For example, film experts may want to indicate that "directed by"
and "starring" are the two most relevant attributes for entities of
type "film". Such scores mimic the behavior of traditional websites
where an editor handpicks the attributes to show for a given
entity.
[0012] Another way of capturing the relative importance of
properties and relationships of entities is by looking at search
engine query logs and finding the frequency of occurrence for
patterns of the form [ENTITY] [PROPERTY/RELATIONSHIP NAME] or
[PROPERTY/RELATIONSHIP NAME] [ENTITY], and the like. For example,
if a lot of people search for "Capital of England", "Capital of
France", "Population of Mexico", "Population of Russia", and so
forth then one can conclude that "Capital" and "Population" are
more relevant attributes for entities of type "Country" than other
properties like "Area" or "HDI" (human development index), which
have low search frequency.
[0013] Another signal that can be used for inferring the relative
importance of a relationship is the importance of an entity to
which another entity is being related. For example, for entity
"Michelle Obama" the relationship "spouse" which relates to "Barack
Obama" is a lot more relevant than the "spouse" relationship for
entity say "Tom Hanks". This signal allows the system to rank
entities dynamically and show different properties for different
entities potentially belonging to same "type", which are
nevertheless reflective of a property's importance for each
specific entity.
[0014] In some embodiments, news can influence entity ranking.

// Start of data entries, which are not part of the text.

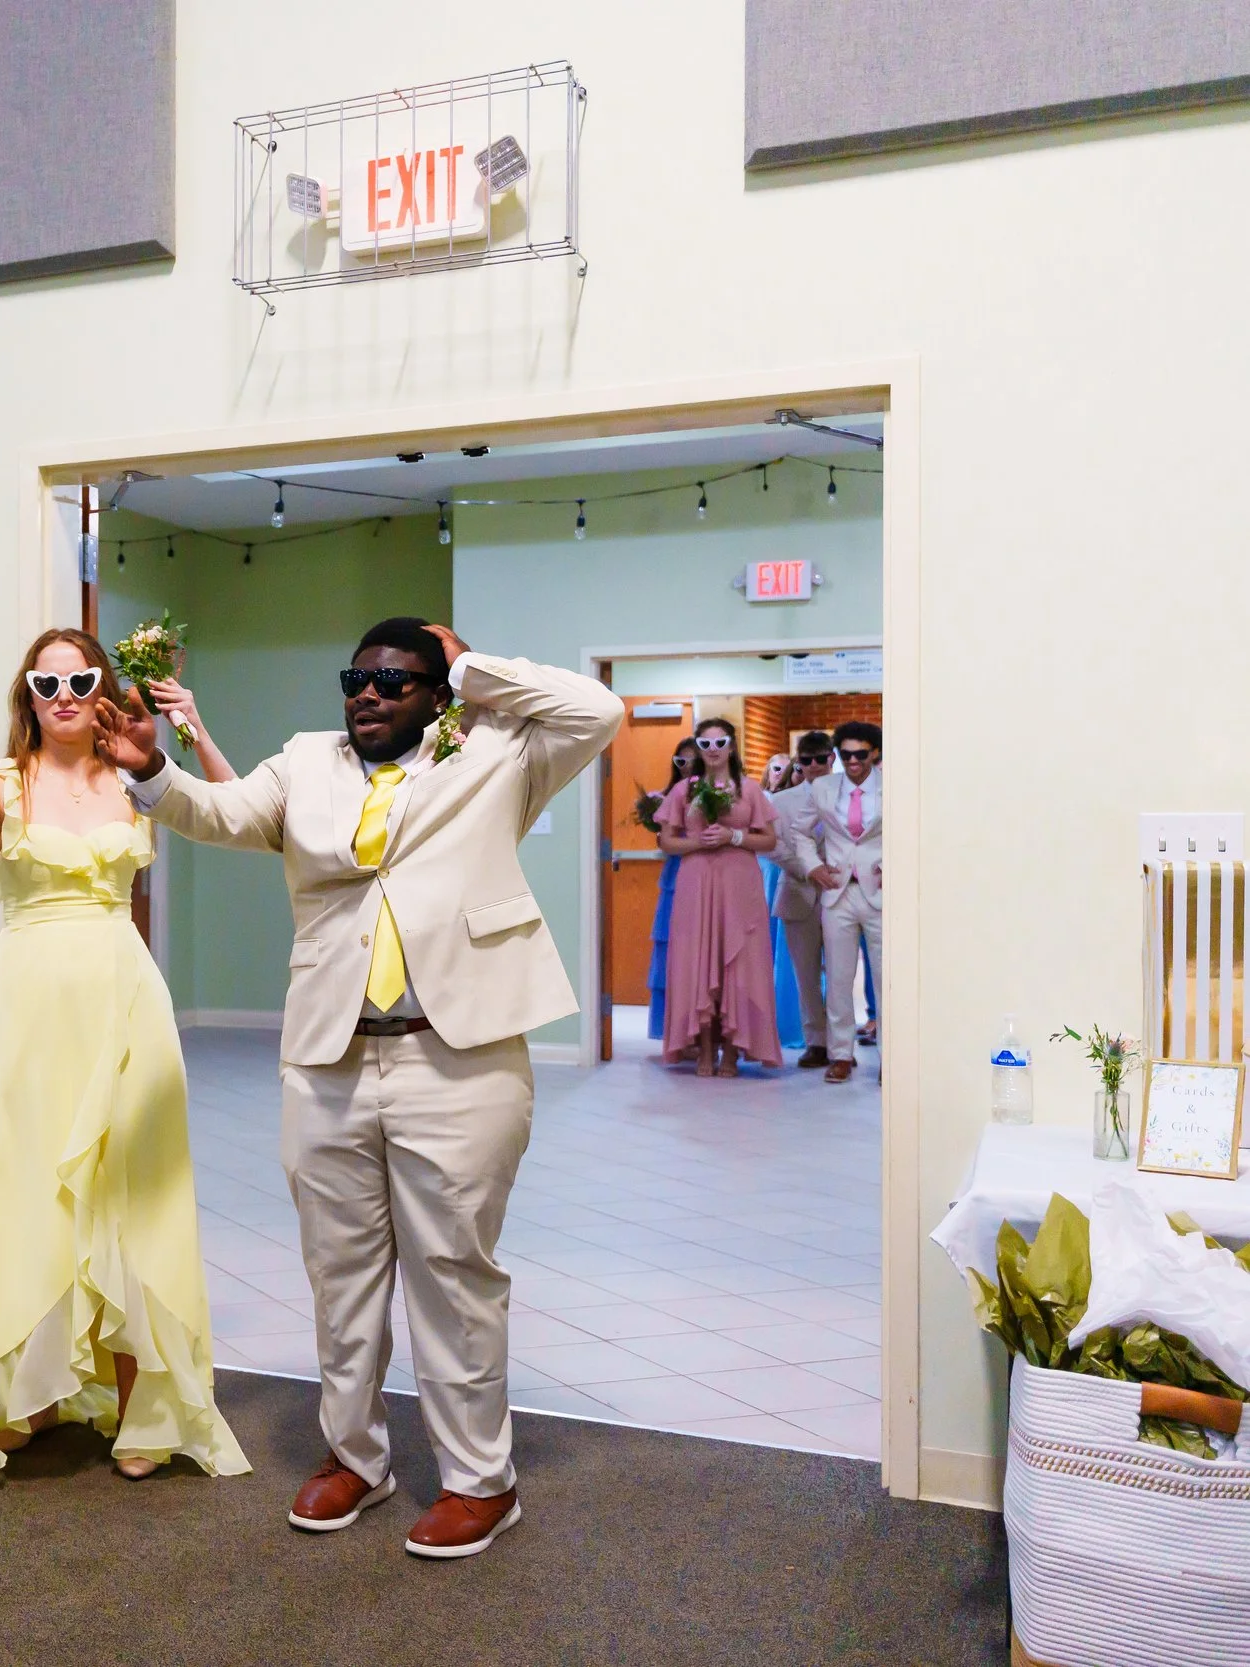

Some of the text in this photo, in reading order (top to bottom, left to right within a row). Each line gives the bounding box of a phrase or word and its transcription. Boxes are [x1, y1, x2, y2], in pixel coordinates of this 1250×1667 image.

[367, 145, 464, 233] EXIT
[757, 561, 803, 597] EXIT
[1172, 1085, 1215, 1097] Cards
[1186, 1104, 1197, 1114] &
[1171, 1121, 1210, 1133] Gifts

Relative importance of relationships can be extended to incorporate
news items and dynamic ranking of relationships depending on latest
news. For example, for entity "Tiger Woods", the relationship "last
championship won" may be more relevant during the golfing season
while "spouse" was more relevant during the 2010 scandal.

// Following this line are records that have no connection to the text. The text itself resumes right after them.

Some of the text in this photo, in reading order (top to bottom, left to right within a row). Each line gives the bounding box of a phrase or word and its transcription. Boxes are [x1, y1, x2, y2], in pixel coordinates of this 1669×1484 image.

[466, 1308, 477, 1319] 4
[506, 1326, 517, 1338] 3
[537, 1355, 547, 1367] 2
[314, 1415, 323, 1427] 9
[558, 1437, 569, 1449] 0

[0015] In cases where a query is present and the user specifically
asks for a certain set of attributes, the overall ranking of
attributes can be influenced by their relevance to the query. For
example, for a query "Saving Private Ryan statistics", properties
such as "Budget", "Running Time", "Release Date", "Revenue", and so
forth would be ranked higher than "Directed By", "Starring", and
the like. The query keyword "statistics" signals a particular type
of information that the searcher is looking for, and the system
uses this information to provide a ranking specific to the input
query.
[0016] Several signals, some of which have been discussed above,
can be combined to compute the final ranking score. A
straight-forward way of doing so is a linear-weighted combination
of scores for each signal:
R.sub.i=.SIGMA..sub.sW.sub.s.times.S.sub.s.sup.i
[0017] Where R.sub.i denotes the ranking score for
property/relationship `i` while W.sub.s denotes the weight of
signal type `s` and S.sub.s.sup.i denotes the score of
property/relationship `i` for signal `s`. The weighting scheme W
allows the system to have different weights for different
application scenarios. For example, for the search-engine
application scenario the relevance and news-based importance
metrics are more useful while in portal application scenarios the
taxonomy-based importance metrics are more useful.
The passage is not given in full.